Alegria. Tudo era alegria. Parecia até o Carnaval da Vitória. Os moradores enfeitaram os bairros. Nas ruas do velho Rangel havia muita gente sentada em frente às suas casas com o prato da “virada” que foi, por incrível que pareça, uma “sopa composta”. A emoção saía das gargantas aos gritos: “novo ano, vida nova, novos projectos, casa própria”. A nossa equipa de reportagem foi impedida de seguir viagem. À viva força tivemos que aceitar um brinde.
Ilha agitada
A Ilha, cada dia que passa, tem menos iluminação pública, mas as luzes dos restaurantes, das discotecas e os faróis de carros deram outra imagem à Ilha de Luanda, que na passagem de ano atrai mais de mil turistas. Este ano, todos os caminhos foram dar à beira-mar. Numerosas famílias, com as tradicionais vestes brancas, deixaram as suas casas para entrarem em 2009 com a brisa fresca e ao ritmo das ondas. Gina, Letícia e Paula, três amigas cheias de vontade de viver os primeiros momentos do ano, antes da meia-noite entraram no mar. “Nós deixámos 2008 aqui memo no mar. Agora é pensar em coisas novas. Vamos deixar a vida nos levar até à prosperidade.”
A nossa equipa de reportagem foi até ao Ponto Final. Dali a vista do fogo de artifício é deslumbrante e ainda tem a vantagem de se comer um bom peixe grelhado e beber uma cerveja bem gelada.
João Bartolomeu é um dos muitos luandenses que levou a família para o “réveillon” das praias da Ilha. Porque é diferente. “Nós festejávamos sempre em casa, porque a nossa cidade não dava muita segurança. Agora que temos mais segurança nas ruas, resolvemos vir para a ilha e fazer algo diferente”, disse João Bartolomeu à nossa reportagem.
Glória das Dores tem a mesma opinião, “Nós temos poucos espaços de lazer e a Ilha é um bom sítio para comemorar a passagem de ano. A Polícia Nacional está a desempenhar um bom papel nesta quadra festiva, porque conseguimos entrar em paz e com segurança em 2009”.
A nossa equipa de reportagem foi ao São Paulo, Combatentes, Marçal, Brigada, Avenida Ngola Kiluange, Cuca, Largo do Embondeiro e milhares de pessoas festejavam nas ruas, à vontade deambulavam, sem qualquer demonstração de medo. As esquadras móveis por onde passamos, também não tinham recebido queixas e fomos informados de que estava tudo sob controlo.
Bancos de Urgência
Para muitos jovens a passagem de ano foi um pesadelo, porque entraram no novo ano, no Banco de Urgência, como é o caso de Mawila, de 24 anos, que foi esfaqueado na cabeça. “Fui assaltado mesmo aqui nos arredores, quando tentava ajudar uma mulher que estava bêbeda e andava com uma criança.

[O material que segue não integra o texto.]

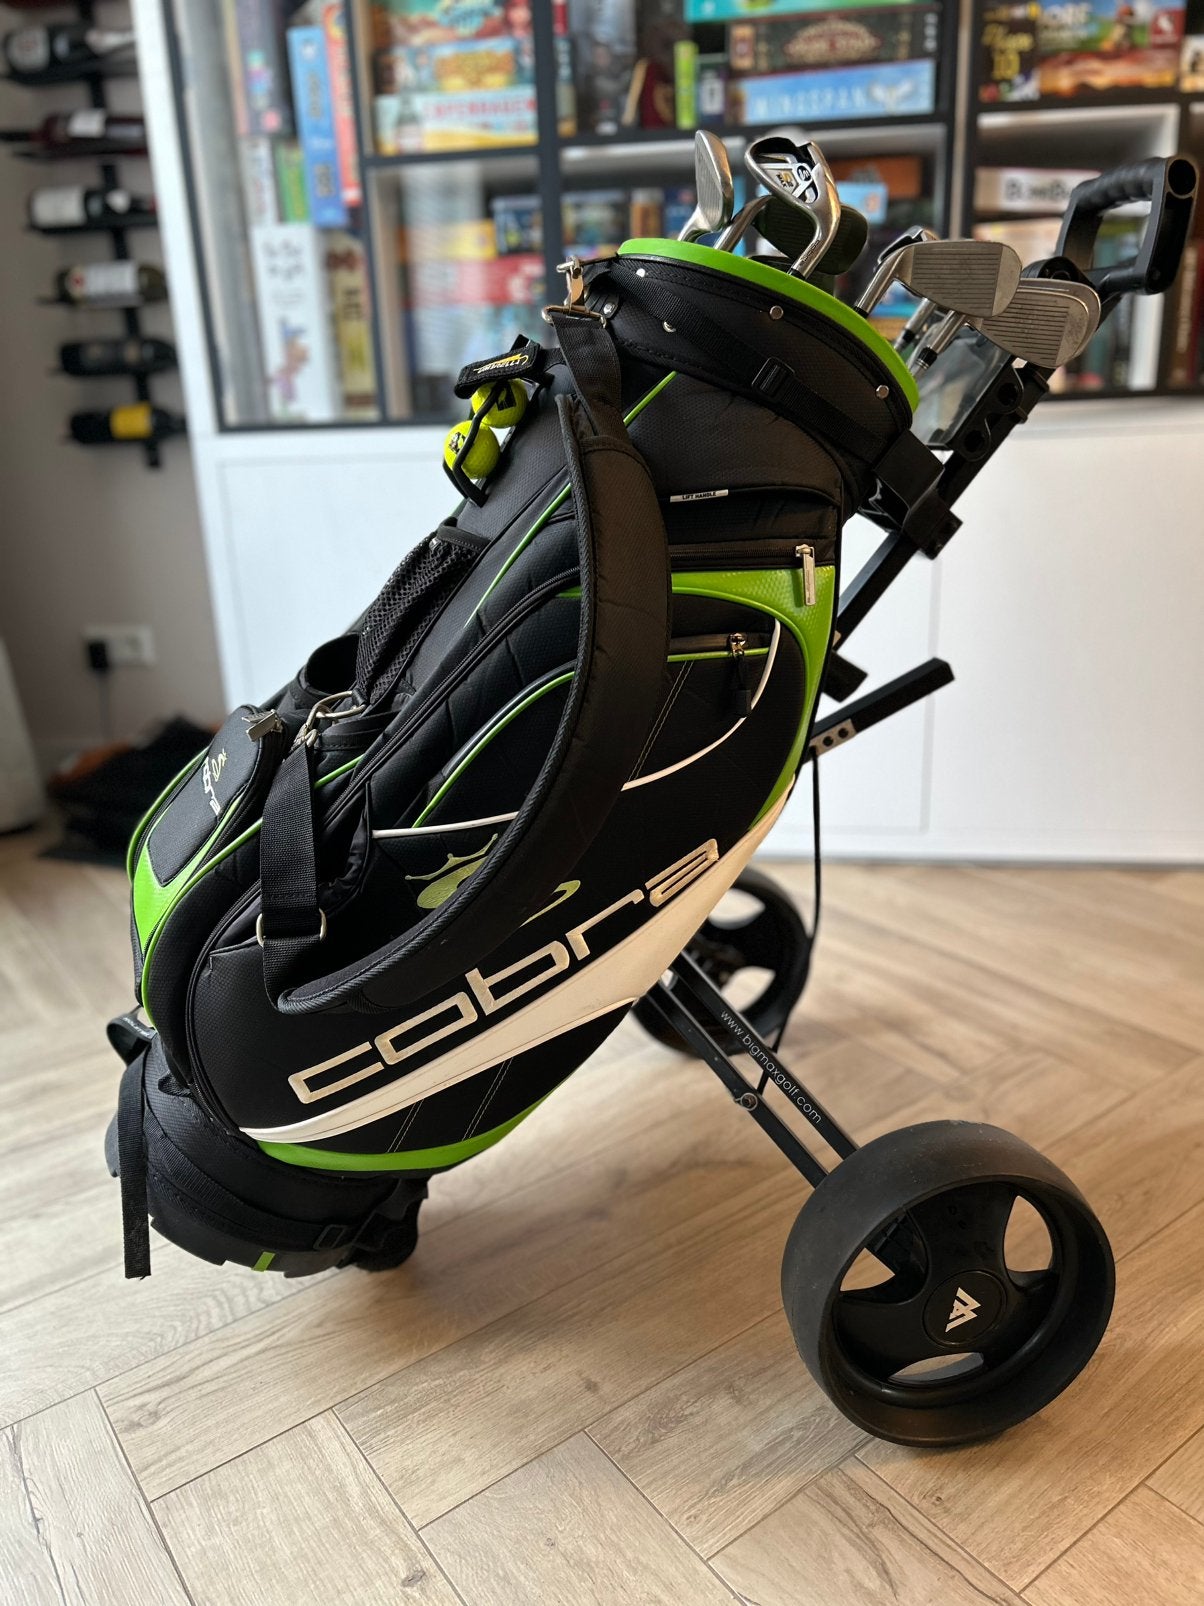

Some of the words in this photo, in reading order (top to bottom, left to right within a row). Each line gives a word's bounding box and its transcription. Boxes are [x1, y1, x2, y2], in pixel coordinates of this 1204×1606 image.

[682, 493, 694, 501] LIFT
[695, 491, 717, 499] HANDLE
[287, 838, 720, 1104] cobra
[720, 1009, 823, 1124] www.bigmaxgolf.com

Quatro assaltantes vieram e levaram o meu telefone e três mil kwanzas”.
Mawila foi ao Hospital dos Cajueiros receber os primeiros socorros. Quando lá chegou, teve que aguardar, porque o Banco de Urgência estava cheio de outros jovens com vários ferimentos. Segundo o director clínico, Simão Kiakia, só na madrugada da passagem de ano, foram atendidos mais de 25 casos de agressão física e tudo está na origem do álcool.

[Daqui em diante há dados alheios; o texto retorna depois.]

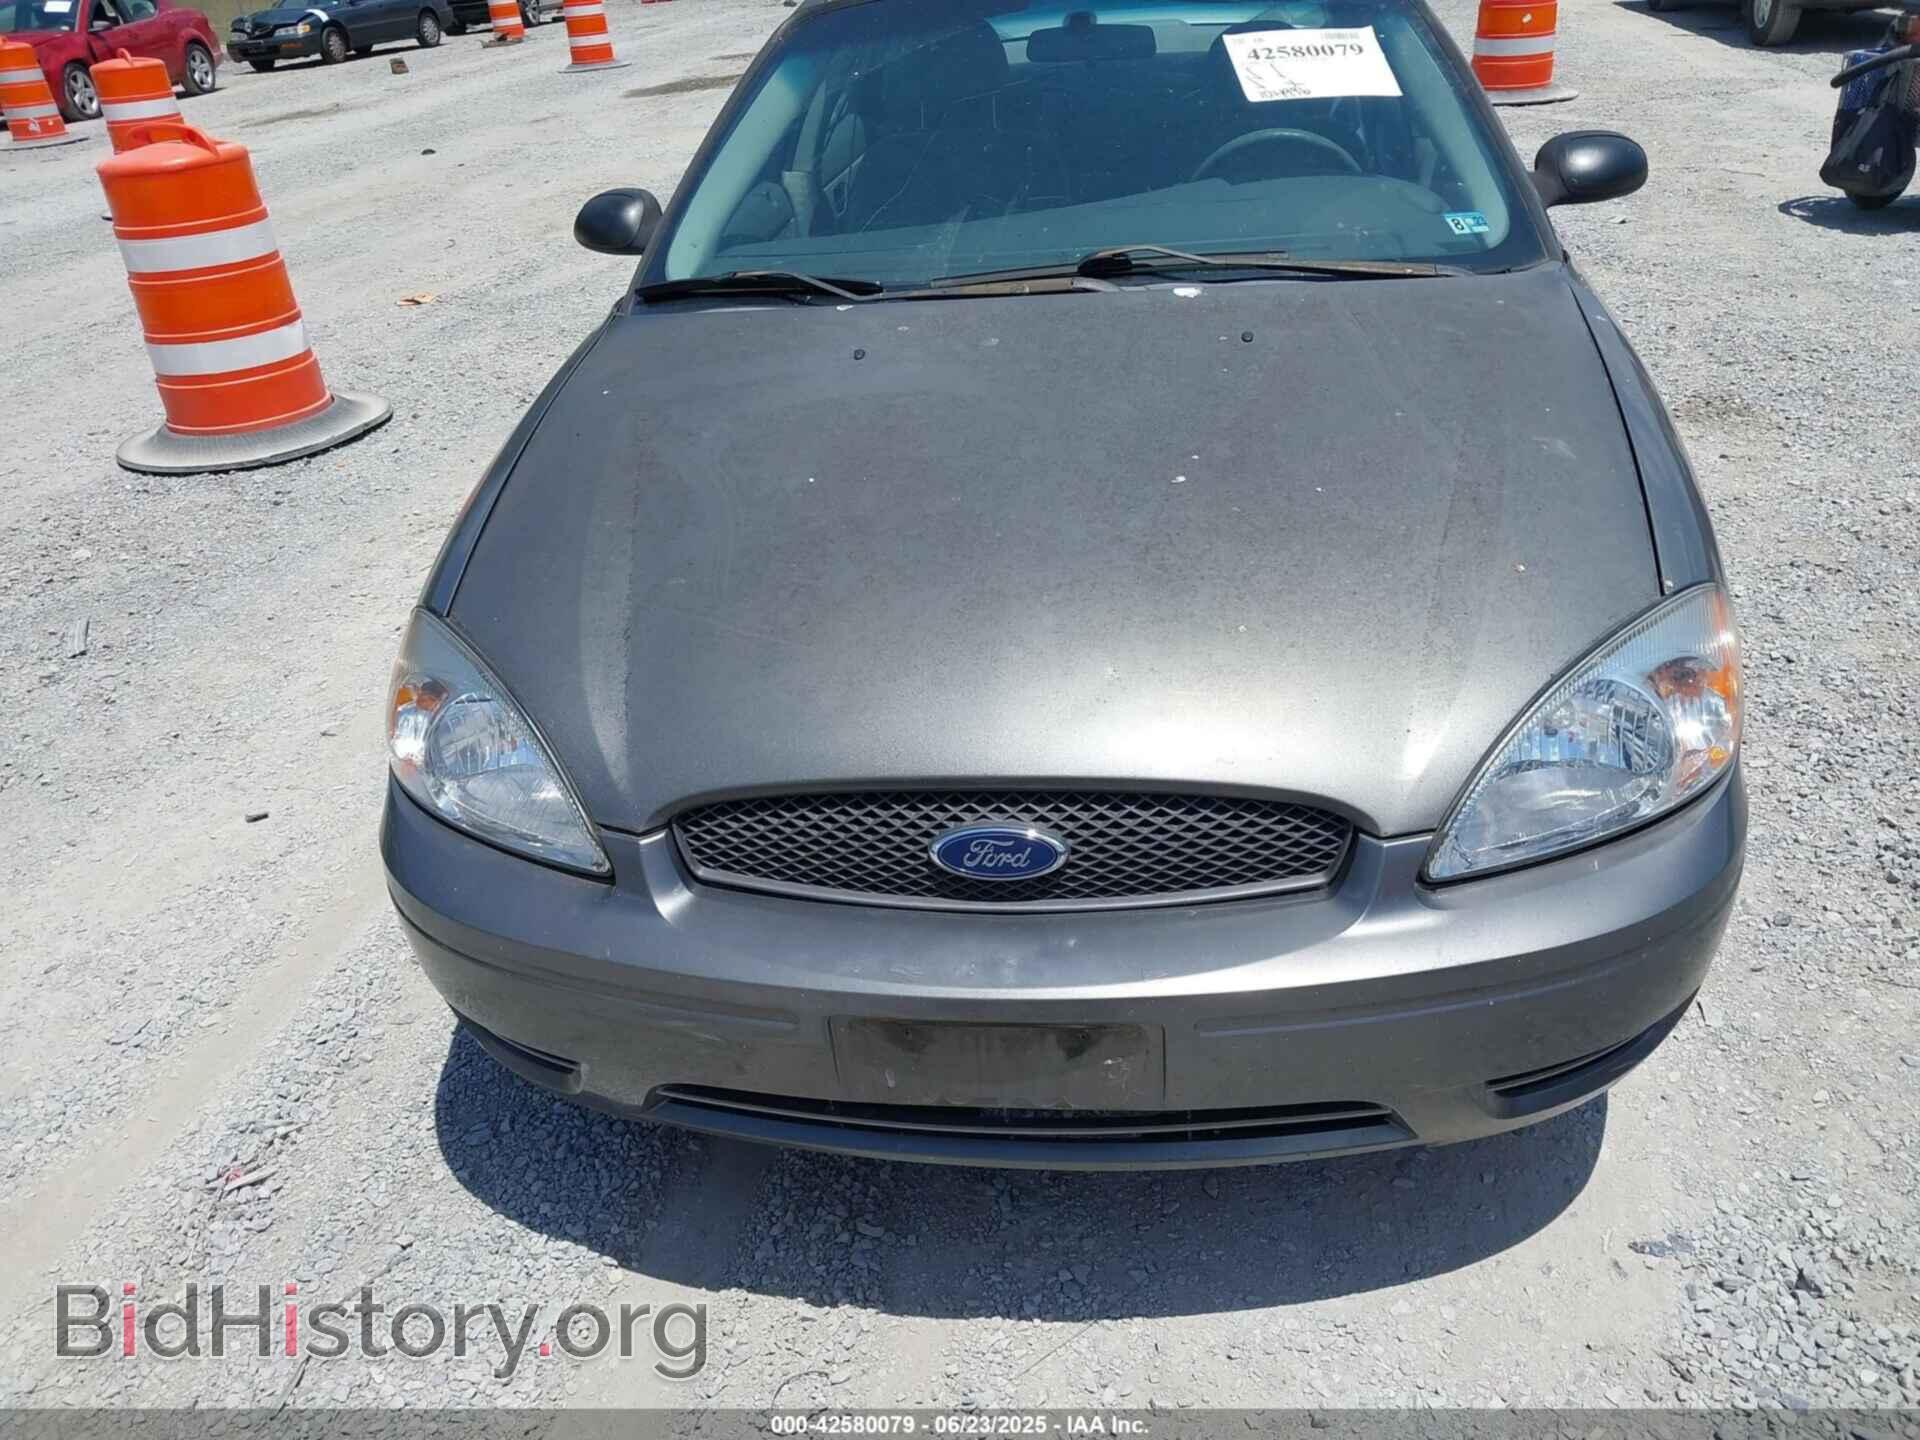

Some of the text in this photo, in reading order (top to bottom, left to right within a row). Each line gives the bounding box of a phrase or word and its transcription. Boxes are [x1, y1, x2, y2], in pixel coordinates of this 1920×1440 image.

[1247, 43, 1364, 60] 42580079
[1451, 218, 1465, 231] 8
[963, 839, 1032, 868] Ford

No Centro de Saúde do Rangel, segundo o enfermeiro António Francisco, foram apenas registados três casos de agressão física com armas brancas: “foram ferimentos leves. Os outros casos foram de gastrite e malária, mas estão todos fora de perigo.”
No Hospital do Prenda, o cenário era bem pior. “Isto aqui virou um mar de sangue”, disse uma empregada de limpeza à nossa reportagem. “As empregadas têm de limpar tudo de dez em dez minutos porque estes jovens não ganham juízo”, reclamava o ortopedista Fernando Samangula.

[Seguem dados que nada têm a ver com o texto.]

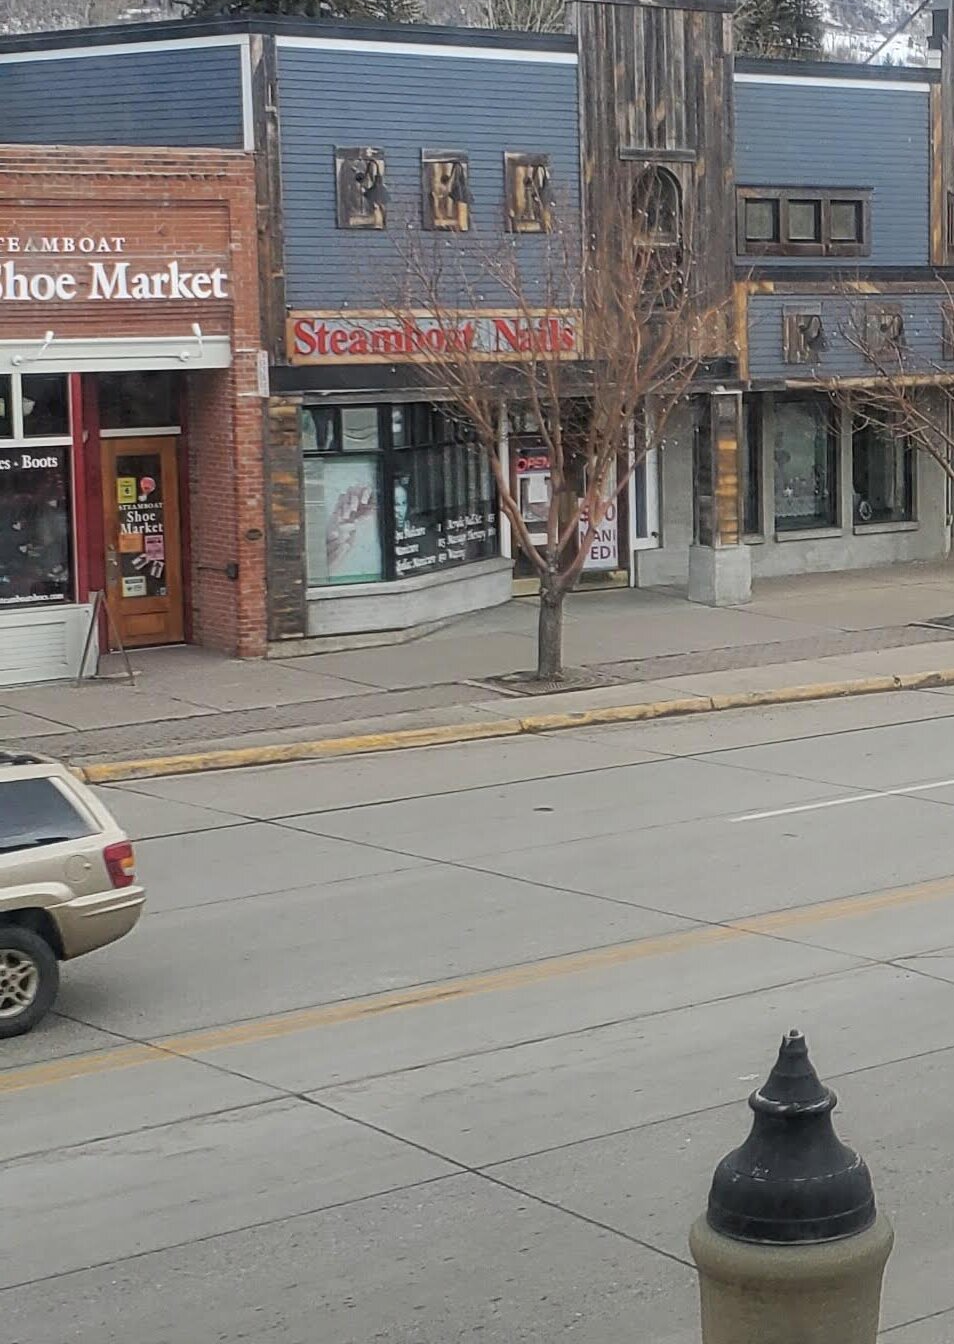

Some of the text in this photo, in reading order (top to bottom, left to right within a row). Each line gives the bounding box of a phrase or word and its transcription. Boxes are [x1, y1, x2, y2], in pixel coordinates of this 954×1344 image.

[0, 260, 228, 301] hoe Market
[492, 318, 576, 353] Nails
[22, 455, 58, 469] Boots
[118, 502, 163, 511] STEAMBOAT
[126, 511, 156, 523] Shoe
[120, 522, 163, 535] Market
[590, 545, 616, 561] EDI

O ortopedista informou que os casos registados na sua maioria foram originados por excesso de álcool e acidentes de viação. “O Banco de Urgência hoje está muito cheio porque temos recebido vários casos. São jovens entre os 18 e os 30 anos e residem aqui nos arredores. Bebem muito álcool, perdem a cabeça e acabam em briga. O problema é que como têm muito álcool no organismo não podemos tratá-los.”